The moment you want one other human to use the thing, all of that stops being handled for you. And that's the moment most AI-built apps die. Not because the code is bad. Because "runs on my screen" and "is live for someone else" are two completely different achievements, and the tools let you mistake the first for the second.

Think about what "real" actually requires:

  • A URL a stranger can open — not localhost:3000, not something.preview.app, not a link that dies with your session.
  • It stays up when you're not looking at it.
  • It lives on your domain, so it's yours and not a demo on someone else's.
  • Someone who isn't you can use it and come back tomorrow and it still works.

None of that is the fun part. None of that is what the demos show you. And all of it is the actual product.

The demo culture is training us wrong

Scroll any feed right now and you'll see the same clip a hundred times: a prompt, a four-minute build, a working preview, a triumphant "shipped!" 🚀

Except it wasn't shipped. Shipped means it left the building. What got shown was a thing that works in the one place it will never need to work in production: the creator's own screen.

I don't think this is dishonest. I think it's a genuine blind spot. The people making those clips are mostly developers, and for a developer, deployment is muscle memory — a git push, a Vercel connect, a domain they bought years ago. They skip showing it because to them it's not a step. It's breathing.

But the entire reason vibe coding matters is that it brought in people who are not developers. People like me — I run marketing, I can't write the backend, but I know exactly what I want to build. For us, deployment isn't breathing. It's a wall. A wall the demos pretend isn't there, built out of a hundred years of assumptions nobody bothered to remove when they removed the assumption that you had to know how to code.

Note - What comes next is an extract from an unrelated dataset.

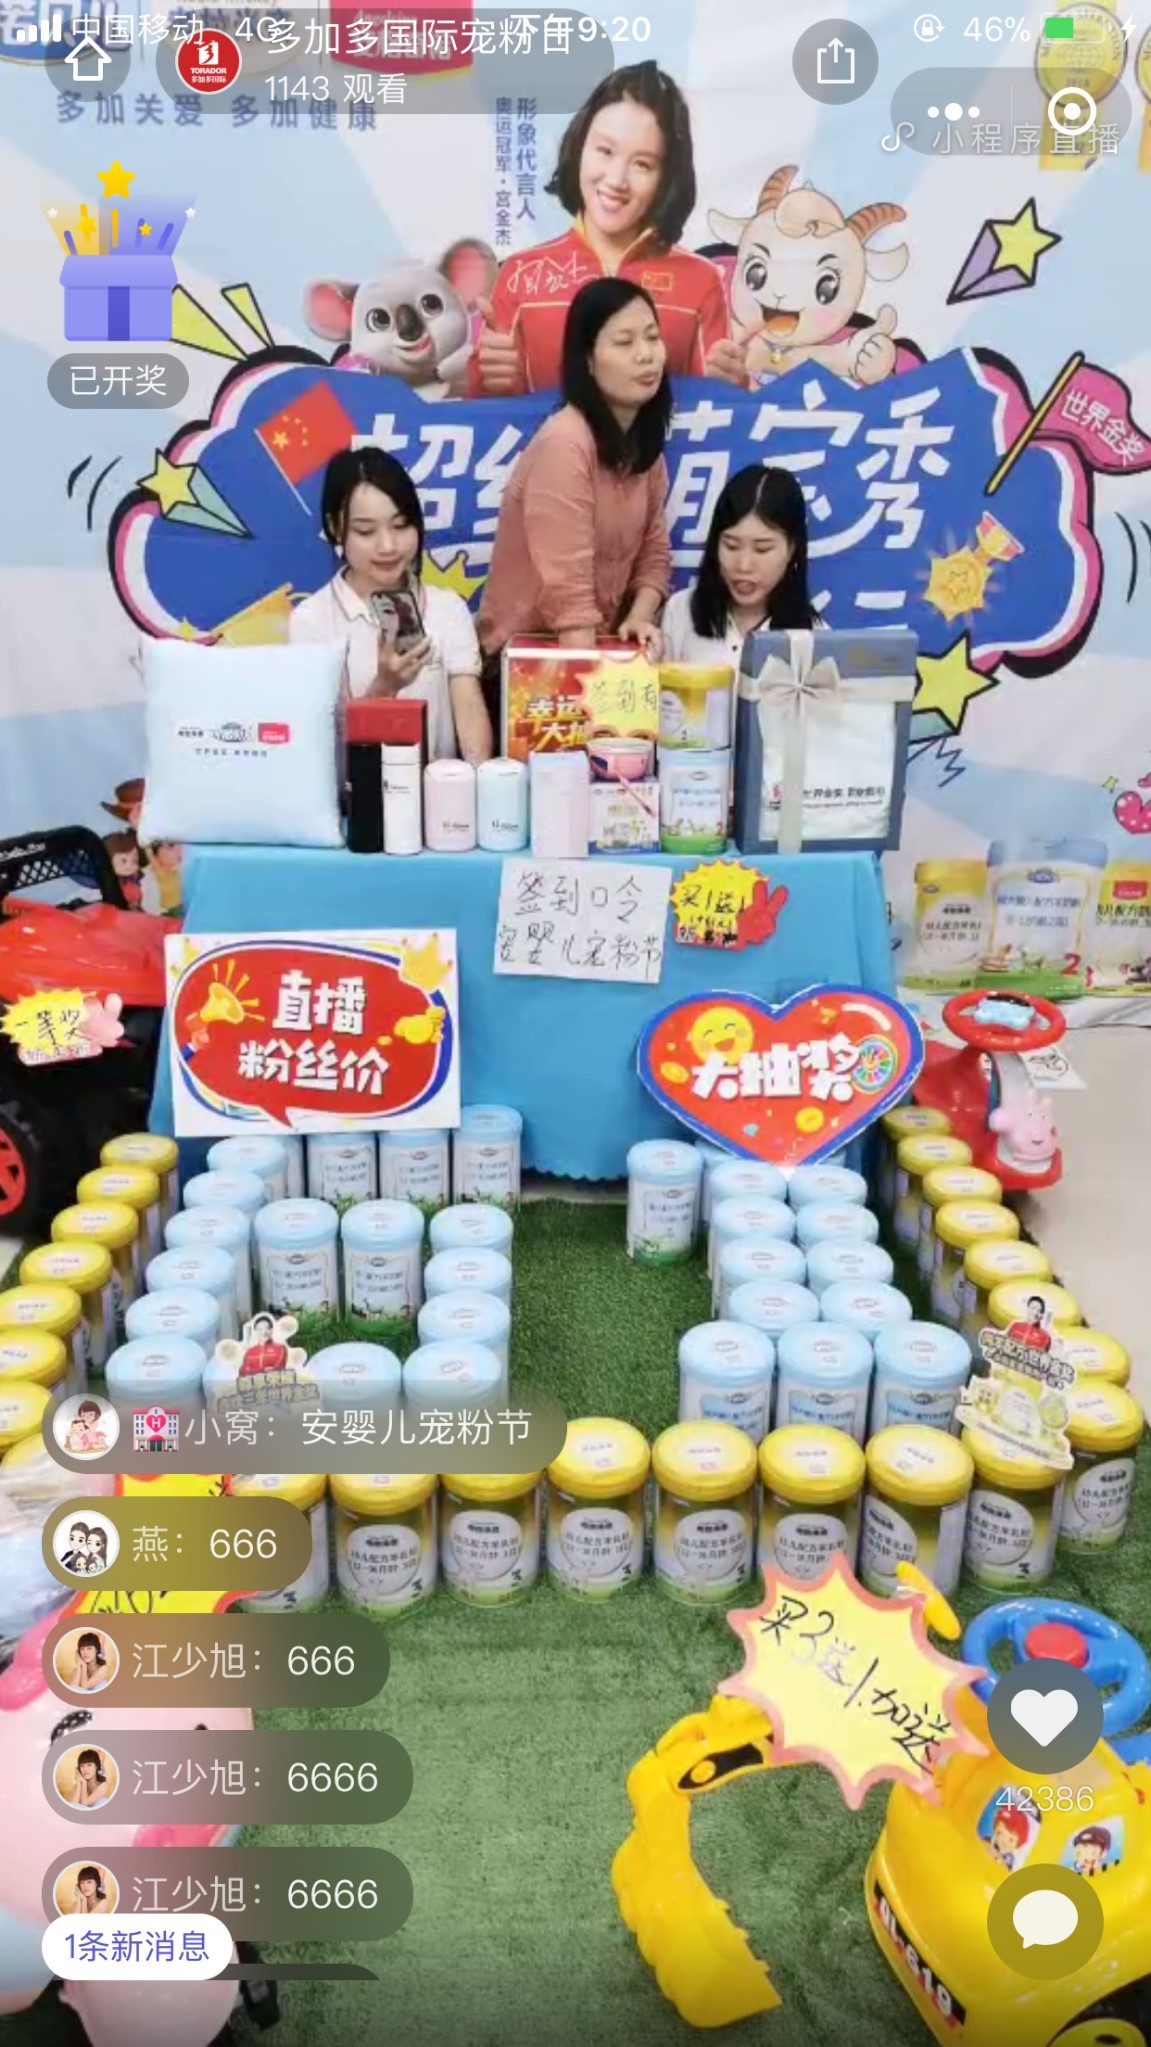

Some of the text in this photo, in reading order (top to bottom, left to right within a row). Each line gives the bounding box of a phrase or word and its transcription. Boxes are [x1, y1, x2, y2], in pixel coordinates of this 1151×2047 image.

So you get this cruel asymmetry: the creative half of software got democratized, and the boring, load-bearing half stayed exactly as gatekept as it always was. The AI hands you a working app and drops you at the foot of the wall it never mentioned.

Move your finish line

I'm not here to make you feel bad about a preview. Previews are great. They're the most exciting thing to happen to building in a decade.

I'm here to move where you plant the flag.

Stop letting "it runs" be the moment you celebrate. It's a checkpoint, not the finish. The finish line — the only one that counts — is a URL you can text to someone who has never met you, on a domain that's yours, that still works after you've gone to sleep.

When I started treating that as "done," two things happened. First, I stopped accumulating a graveyard of apps that technically existed and reached exactly zero humans. Second, I got way more honest about what I'd actually accomplished on any given night. "I made a cool preview" is a fine thing to have done. It is just not the same thing as having built an app, and pretending otherwise is how you end up with eleven dead projects and a vague sense that AI didn't deliver what it promised.

It did deliver. It delivered the hard 90%. The last 10% is just hiding in plain sight, and it has a name, and the name is: it needs a URL.

That last step is the whole reason I'm now working on livemy.app — taking the thing that runs on your screen and turning it into a link someone else can open, without asking you to learn a single config file. I'll leave it there.

But even if you never touch what I'm building: change your definition of done. Your apps will stop dying. And "I built an app" will go back to being true.


Honest question for the room: what's the last thing you vibe-coded that's still trapped in a preview right now? What tool was it, and what exactly stopped you from putting it live? I genuinely think the answers cluster, and I want to see if I'm right.